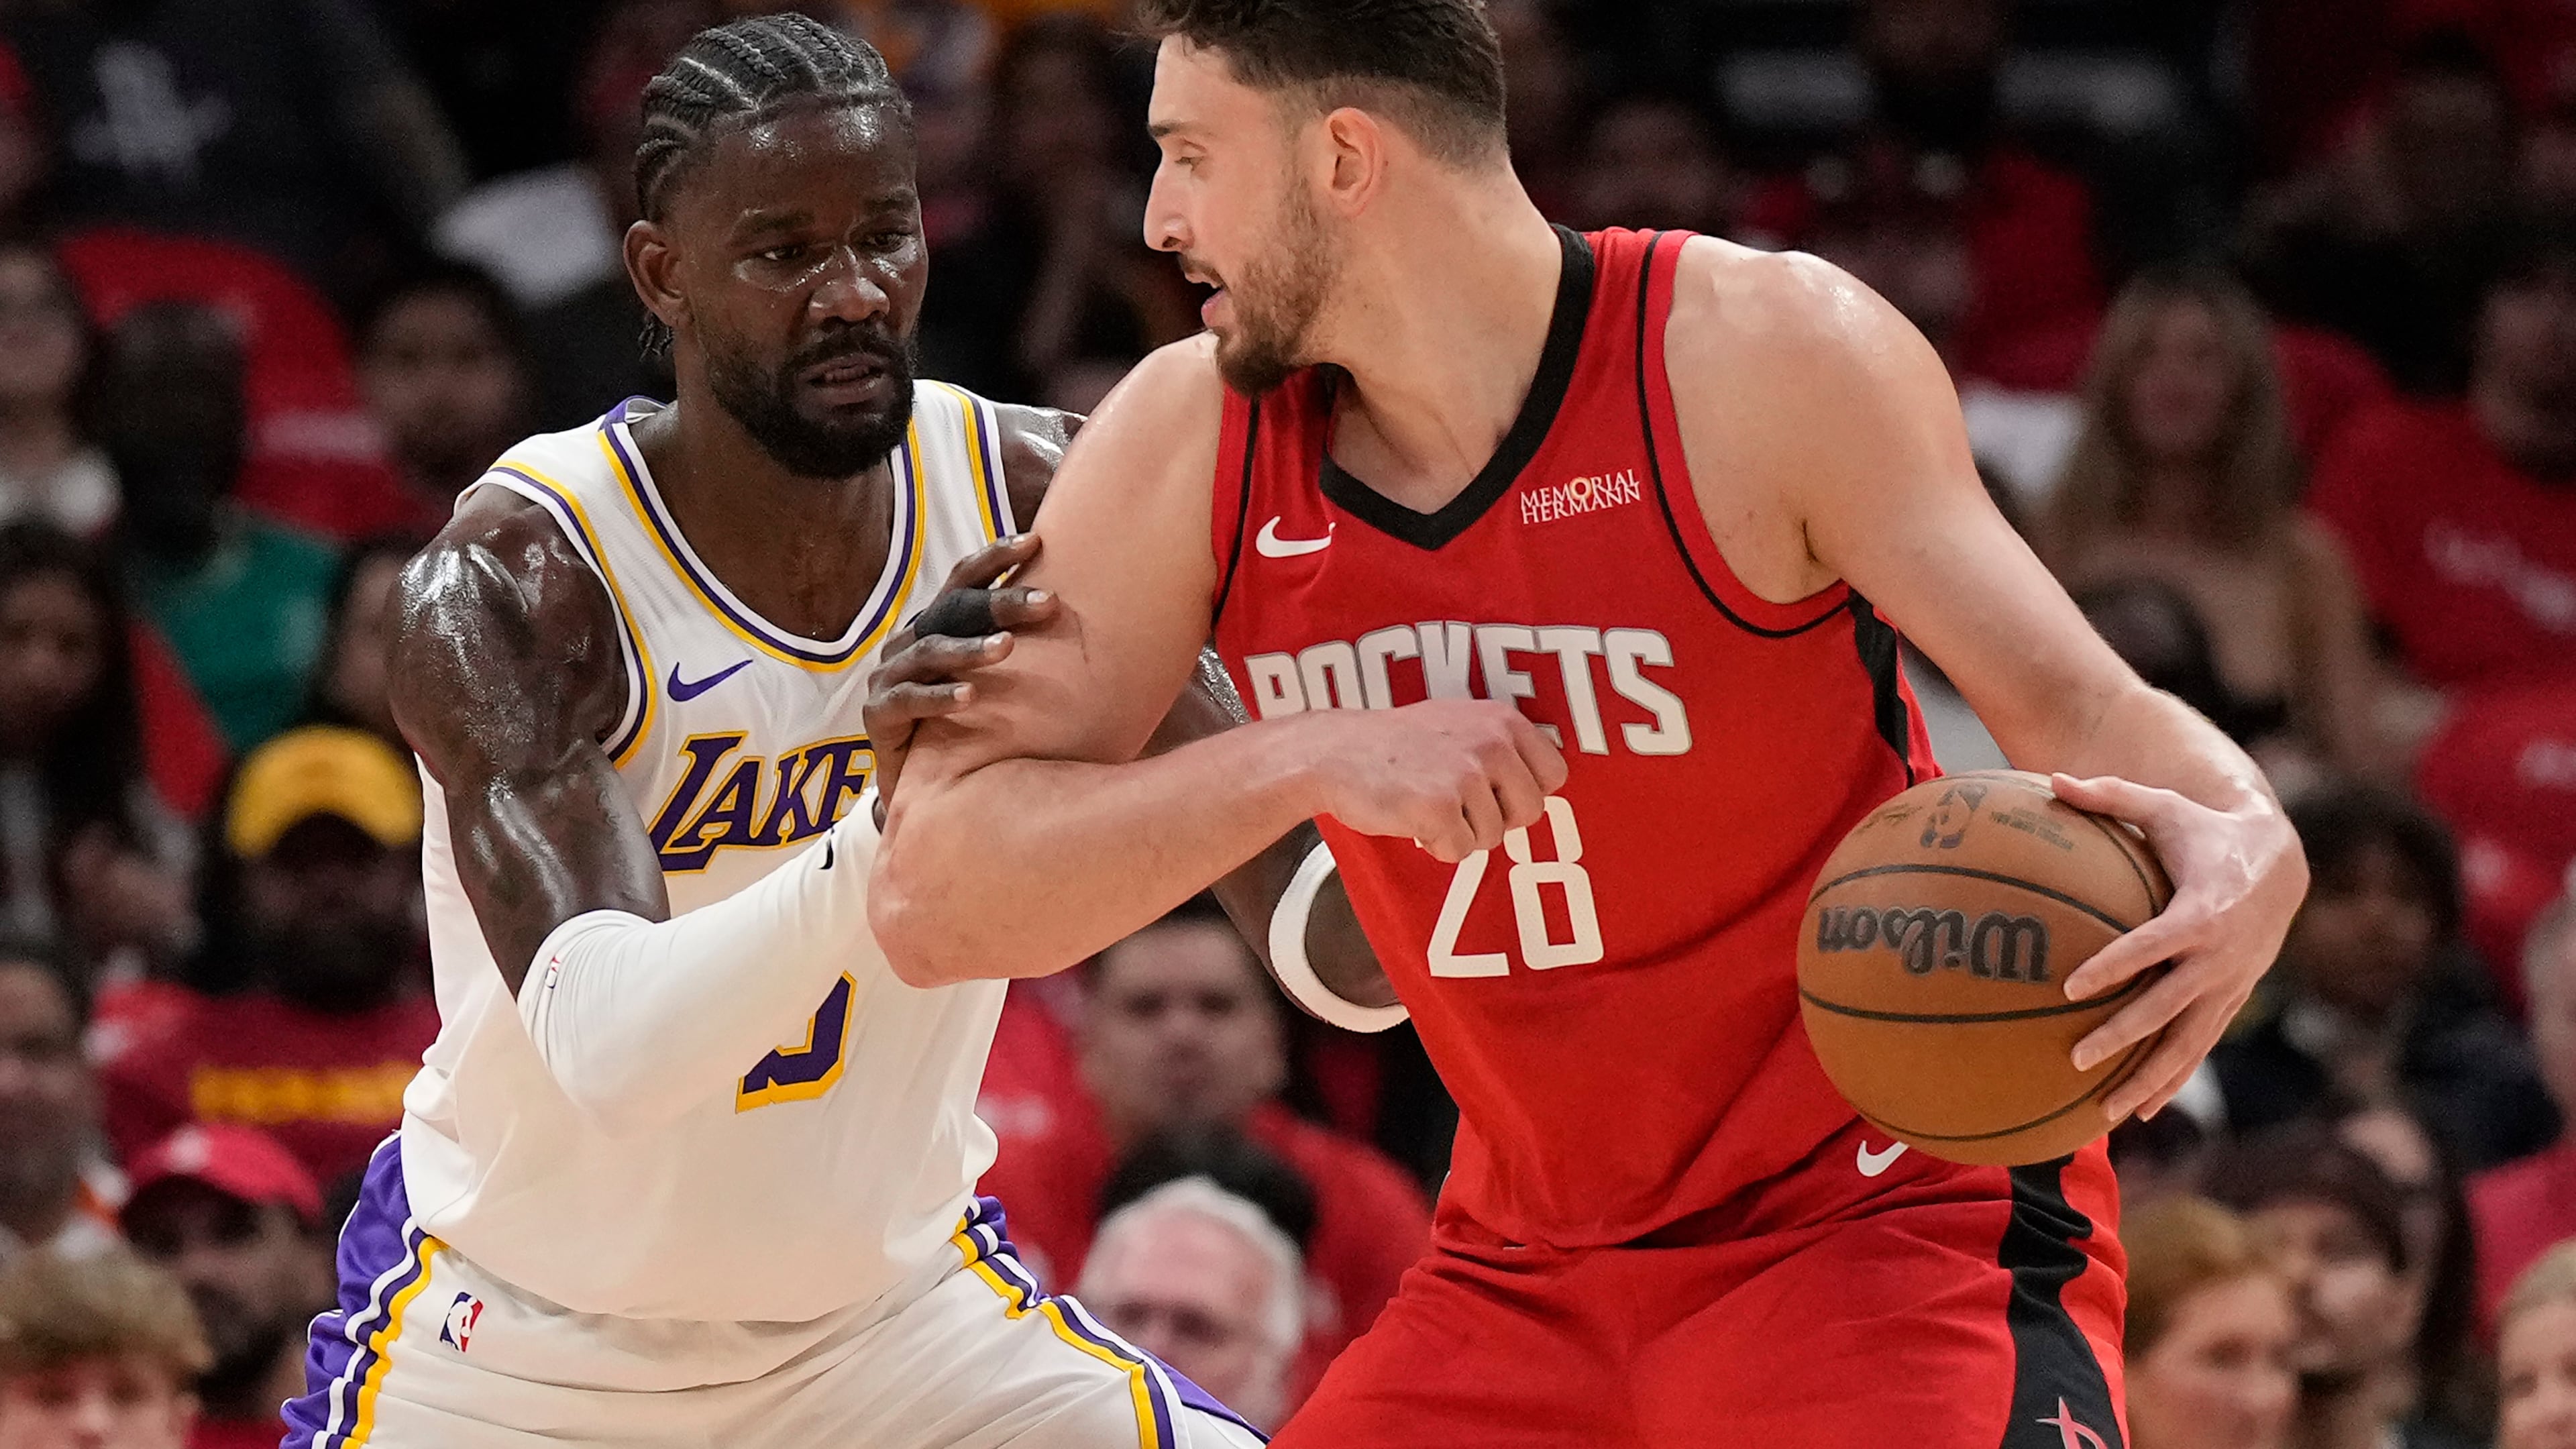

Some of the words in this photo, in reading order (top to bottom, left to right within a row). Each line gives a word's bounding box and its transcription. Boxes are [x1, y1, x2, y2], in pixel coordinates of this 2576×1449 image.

[1520, 468, 1638, 508] MEMORIAL
[1521, 482, 1641, 525] HERMANN
[646, 730, 876, 876] LAKE
[1414, 796, 1605, 978] 28
[1817, 906, 2052, 983] Wilson

══════════════════════════════

Problem description: Would you repeat the entries exactly, but with no pictures?

Task result:
Some of the words in this photo, in reading order (top to bottom, left to right within a row). Each line gives a word's bounding box and its transcription. Boxes are [x1, y1, x2, y2], in pixel coordinates of this 2576×1449 image.

[1520, 468, 1638, 508] MEMORIAL
[1521, 482, 1641, 525] HERMANN
[646, 730, 876, 876] LAKE
[1414, 796, 1605, 978] 28
[1817, 906, 2052, 983] Wilson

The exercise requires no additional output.